Aim: In an outbreak of hepatitis E affecting 859 individuals, we evaluated the titres of serological markers (IgM anti-HEV and IgG anti-HEV) and hepatitis E virus (HEV) RNA by reverse transcriptase polymerase chain reaction.
 
Methods: Serological markers for acute hepatitis were evaluated in 294 icteric patients (Group A) and 300 apparently healthy controls (Group B). HEV RNA was measured by RT nPCR in 19 patients in the first week of illness in patients with negative IgM anti-HEV.
 
Findings: None of the patients were positive for hepatitis A or B. In Group A, IgM anti-HEV was positive in 80.2%, 71.4% and 26.8% and IgG anti-HEV was positive in 58.3%, 77.1% and 86% of patients who were in their first, second and third weeks of illness, respectively.
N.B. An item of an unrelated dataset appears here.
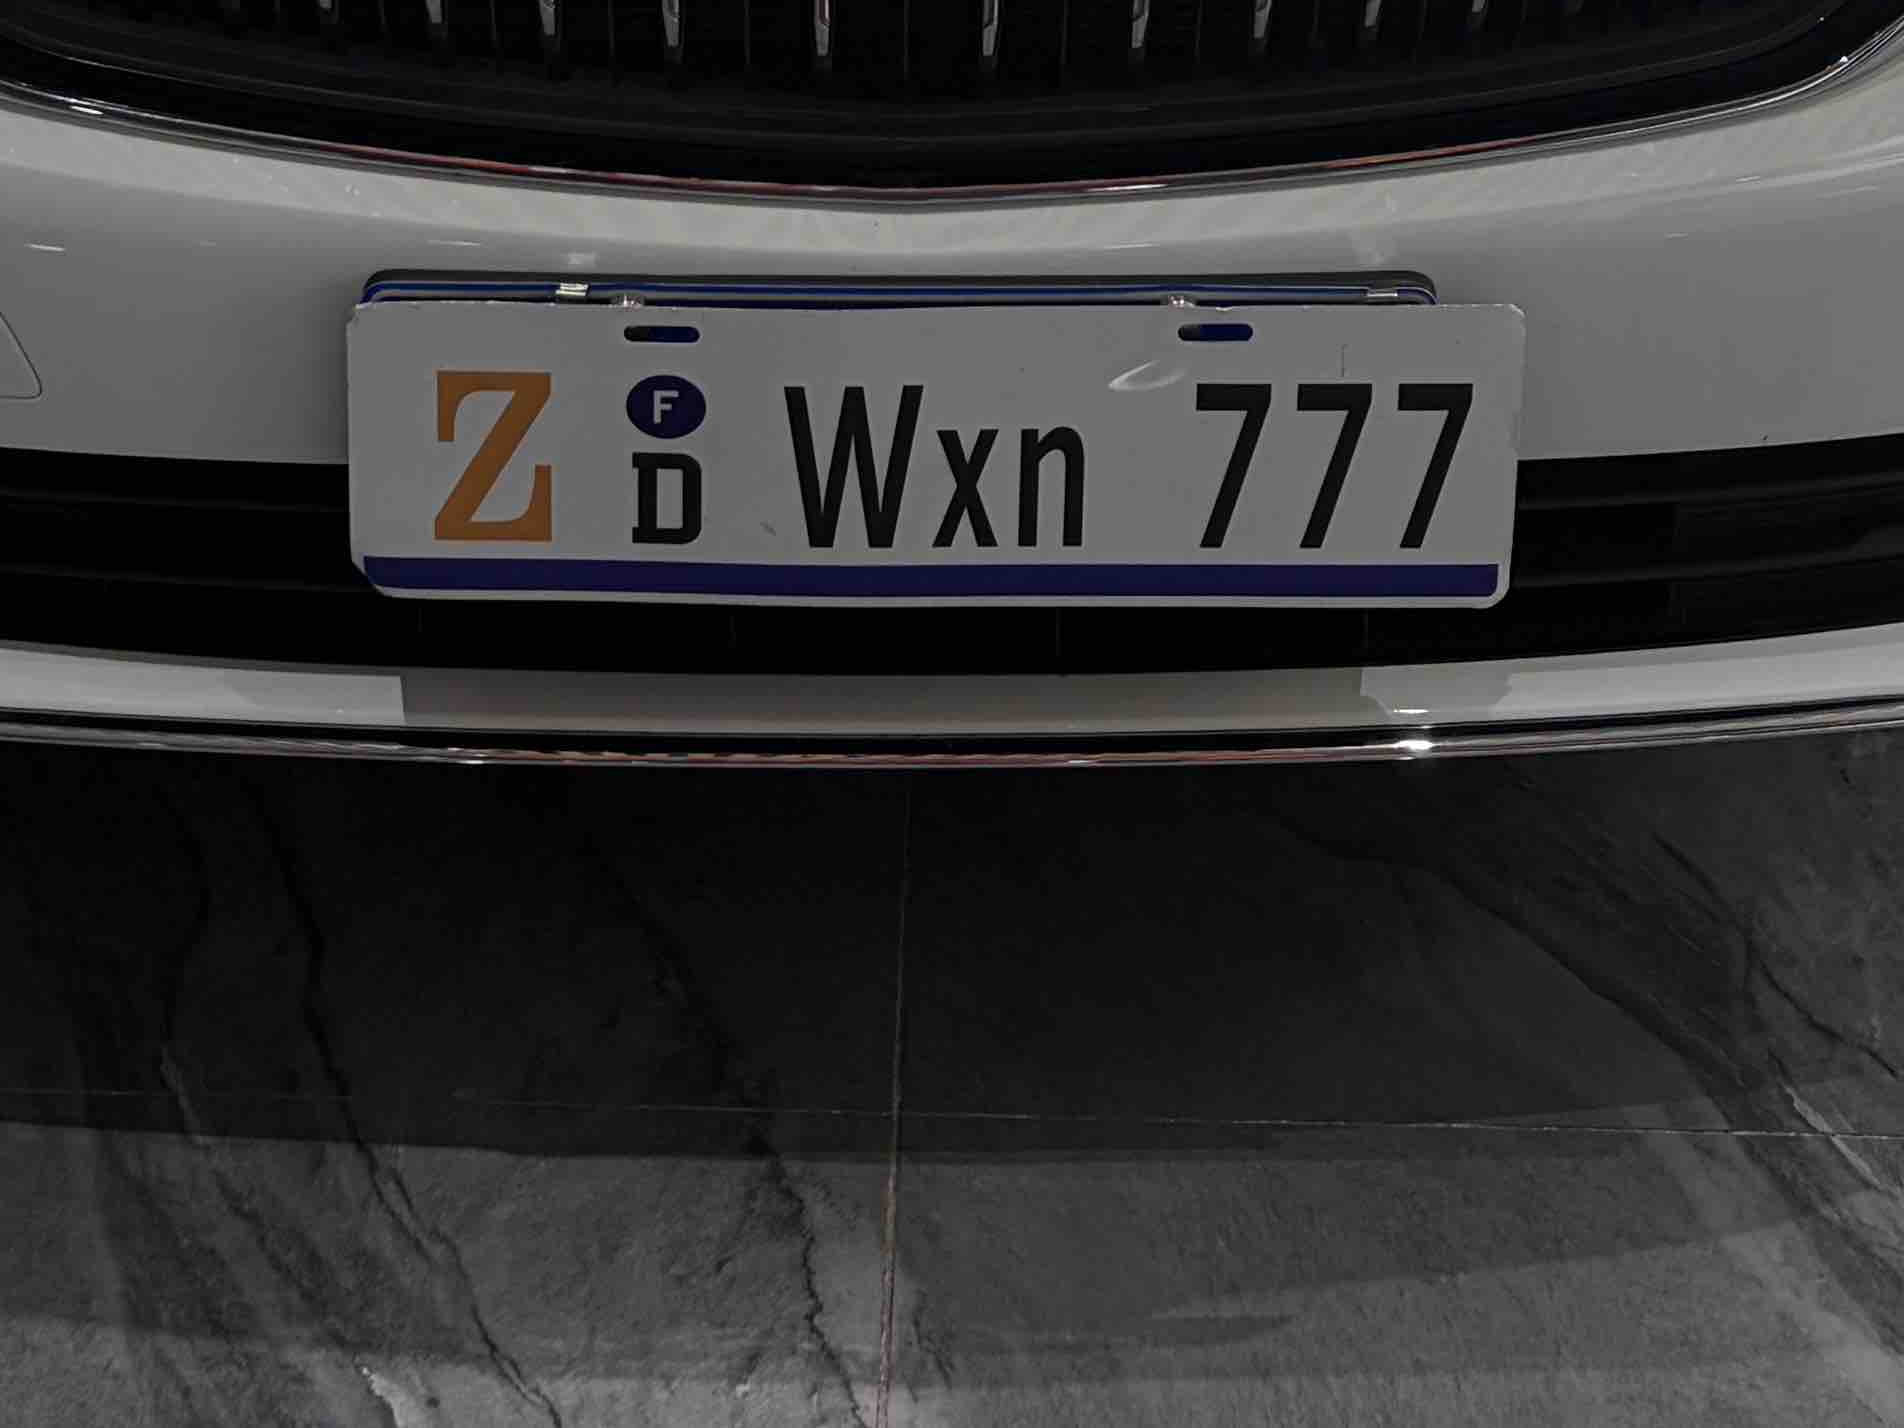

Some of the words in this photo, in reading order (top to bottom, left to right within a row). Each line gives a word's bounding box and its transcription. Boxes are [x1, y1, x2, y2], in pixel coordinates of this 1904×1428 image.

In Group A, amongst the 19 IgM anti-HEV negative patients in their first week of illness, 16 were positive for HEV RNA. In Group B 63.6% cases were positive for IgM anti-HEV. In the same village there had been a similar epidemic 4 years ago; none of the 93 patients traced from that time developed acute hepatitis during the present epidemic and all demonstrated the presence of IgG anti-HEV. This suggests that IgG anti-HEV was perhaps protective.
 
Conclusion: During the first week of illness patients may display HEV viremia while testing negative for IgM and IgG anti-HEV. The presence of IgG anti-HEV may play a protective role against HEV infection and in the absence of IgM may help in diagnosing acute hepatitis E. Over 3 weeks of illness the IgM anti-HEV titres fall progressively whilst IgG anti-HEV titres gradually rise.